**What to produce**
Output exactly the lines from the one holding "this 1920×1440 image." through the final line of the entries.

---------------

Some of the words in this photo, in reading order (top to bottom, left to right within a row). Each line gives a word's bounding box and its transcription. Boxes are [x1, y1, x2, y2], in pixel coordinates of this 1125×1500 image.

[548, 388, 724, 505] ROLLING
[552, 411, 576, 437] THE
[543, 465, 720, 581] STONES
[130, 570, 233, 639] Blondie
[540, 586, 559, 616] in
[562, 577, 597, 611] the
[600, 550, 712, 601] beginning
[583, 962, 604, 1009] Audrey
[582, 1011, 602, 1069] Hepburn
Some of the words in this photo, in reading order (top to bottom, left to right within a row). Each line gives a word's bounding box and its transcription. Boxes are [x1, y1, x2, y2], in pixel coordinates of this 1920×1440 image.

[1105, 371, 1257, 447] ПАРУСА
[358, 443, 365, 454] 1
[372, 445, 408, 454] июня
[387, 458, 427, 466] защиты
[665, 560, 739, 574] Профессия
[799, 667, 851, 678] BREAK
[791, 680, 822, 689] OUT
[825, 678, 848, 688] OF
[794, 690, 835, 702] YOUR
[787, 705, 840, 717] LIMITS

---------------

**Task solution**
Some of the words in this photo, in reading order (top to bottom, left to right within a row). Each line gives a word's bounding box and its transcription. Boxes are [x1, y1, x2, y2], in pixel coordinates of this 1920×1440 image.

[1105, 371, 1257, 447] ПАРУСА
[358, 443, 365, 454] 1
[372, 445, 408, 454] июня
[387, 458, 427, 466] защиты
[665, 560, 739, 574] Профессия
[799, 667, 851, 678] BREAK
[791, 680, 822, 689] OUT
[825, 678, 848, 688] OF
[794, 690, 835, 702] YOUR
[787, 705, 840, 717] LIMITS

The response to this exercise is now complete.